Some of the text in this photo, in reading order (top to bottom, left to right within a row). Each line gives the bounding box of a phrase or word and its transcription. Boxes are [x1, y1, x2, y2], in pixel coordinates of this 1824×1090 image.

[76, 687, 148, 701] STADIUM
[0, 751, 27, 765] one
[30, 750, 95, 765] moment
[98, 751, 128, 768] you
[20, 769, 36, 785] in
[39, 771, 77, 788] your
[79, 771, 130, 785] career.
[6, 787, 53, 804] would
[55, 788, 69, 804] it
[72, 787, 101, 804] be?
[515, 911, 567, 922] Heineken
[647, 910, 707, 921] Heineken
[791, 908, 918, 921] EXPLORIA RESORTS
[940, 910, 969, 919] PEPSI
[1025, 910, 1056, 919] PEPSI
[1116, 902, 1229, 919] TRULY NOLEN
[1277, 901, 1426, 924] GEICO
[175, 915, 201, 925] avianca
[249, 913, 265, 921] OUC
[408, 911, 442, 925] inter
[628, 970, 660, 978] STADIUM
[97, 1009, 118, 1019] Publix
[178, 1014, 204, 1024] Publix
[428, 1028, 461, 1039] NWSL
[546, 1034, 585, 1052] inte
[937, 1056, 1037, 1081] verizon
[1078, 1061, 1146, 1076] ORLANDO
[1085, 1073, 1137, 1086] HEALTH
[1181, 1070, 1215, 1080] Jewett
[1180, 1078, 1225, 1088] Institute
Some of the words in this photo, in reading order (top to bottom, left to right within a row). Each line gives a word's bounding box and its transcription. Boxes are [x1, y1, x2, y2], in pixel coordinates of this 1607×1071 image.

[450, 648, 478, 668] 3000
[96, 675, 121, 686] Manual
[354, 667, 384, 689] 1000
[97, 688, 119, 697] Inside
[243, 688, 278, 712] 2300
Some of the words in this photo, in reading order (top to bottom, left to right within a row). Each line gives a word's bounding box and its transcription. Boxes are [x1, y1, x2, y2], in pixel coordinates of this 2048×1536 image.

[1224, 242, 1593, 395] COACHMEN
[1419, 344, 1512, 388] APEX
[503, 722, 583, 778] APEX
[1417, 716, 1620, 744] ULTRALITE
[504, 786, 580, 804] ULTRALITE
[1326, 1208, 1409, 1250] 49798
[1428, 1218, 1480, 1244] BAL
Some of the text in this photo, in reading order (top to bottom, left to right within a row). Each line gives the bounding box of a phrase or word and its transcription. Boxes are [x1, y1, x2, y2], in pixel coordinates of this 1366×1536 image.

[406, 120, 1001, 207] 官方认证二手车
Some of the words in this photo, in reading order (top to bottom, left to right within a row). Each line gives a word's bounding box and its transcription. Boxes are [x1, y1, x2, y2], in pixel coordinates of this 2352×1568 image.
--------
_Aim of the task_: Reproduce the records above exactly, character for character.

_Task result_:
Some of the text in this photo, in reading order (top to bottom, left to right within a row). Each line gives the bounding box of a phrase or word and its transcription. Boxes are [x1, y1, x2, y2], in pixel coordinates of this 1824×1090 image.

[76, 687, 148, 701] STADIUM
[0, 751, 27, 765] one
[30, 750, 95, 765] moment
[98, 751, 128, 768] you
[20, 769, 36, 785] in
[39, 771, 77, 788] your
[79, 771, 130, 785] career.
[6, 787, 53, 804] would
[55, 788, 69, 804] it
[72, 787, 101, 804] be?
[515, 911, 567, 922] Heineken
[647, 910, 707, 921] Heineken
[791, 908, 918, 921] EXPLORIA RESORTS
[940, 910, 969, 919] PEPSI
[1025, 910, 1056, 919] PEPSI
[1116, 902, 1229, 919] TRULY NOLEN
[1277, 901, 1426, 924] GEICO
[175, 915, 201, 925] avianca
[249, 913, 265, 921] OUC
[408, 911, 442, 925] inter
[628, 970, 660, 978] STADIUM
[97, 1009, 118, 1019] Publix
[178, 1014, 204, 1024] Publix
[428, 1028, 461, 1039] NWSL
[546, 1034, 585, 1052] inte
[937, 1056, 1037, 1081] verizon
[1078, 1061, 1146, 1076] ORLANDO
[1085, 1073, 1137, 1086] HEALTH
[1181, 1070, 1215, 1080] Jewett
[1180, 1078, 1225, 1088] Institute
Some of the words in this photo, in reading order (top to bottom, left to right within a row). Each line gives a word's bounding box and its transcription. Boxes are [x1, y1, x2, y2], in pixel coordinates of this 1607×1071 image.

[450, 648, 478, 668] 3000
[96, 675, 121, 686] Manual
[354, 667, 384, 689] 1000
[97, 688, 119, 697] Inside
[243, 688, 278, 712] 2300
Some of the words in this photo, in reading order (top to bottom, left to right within a row). Each line gives a word's bounding box and its transcription. Boxes are [x1, y1, x2, y2], in pixel coordinates of this 2048×1536 image.

[1224, 242, 1593, 395] COACHMEN
[1419, 344, 1512, 388] APEX
[503, 722, 583, 778] APEX
[1417, 716, 1620, 744] ULTRALITE
[504, 786, 580, 804] ULTRALITE
[1326, 1208, 1409, 1250] 49798
[1428, 1218, 1480, 1244] BAL
Some of the text in this photo, in reading order (top to bottom, left to right within a row). Each line gives the bounding box of a phrase or word and its transcription. Boxes are [x1, y1, x2, y2], in pixel coordinates of this 1366×1536 image.

[406, 120, 1001, 207] 官方认证二手车
Some of the words in this photo, in reading order (top to bottom, left to right within a row). Each line gives a word's bounding box and its transcription. Boxes are [x1, y1, x2, y2], in pixel coordinates of this 2352×1568 image.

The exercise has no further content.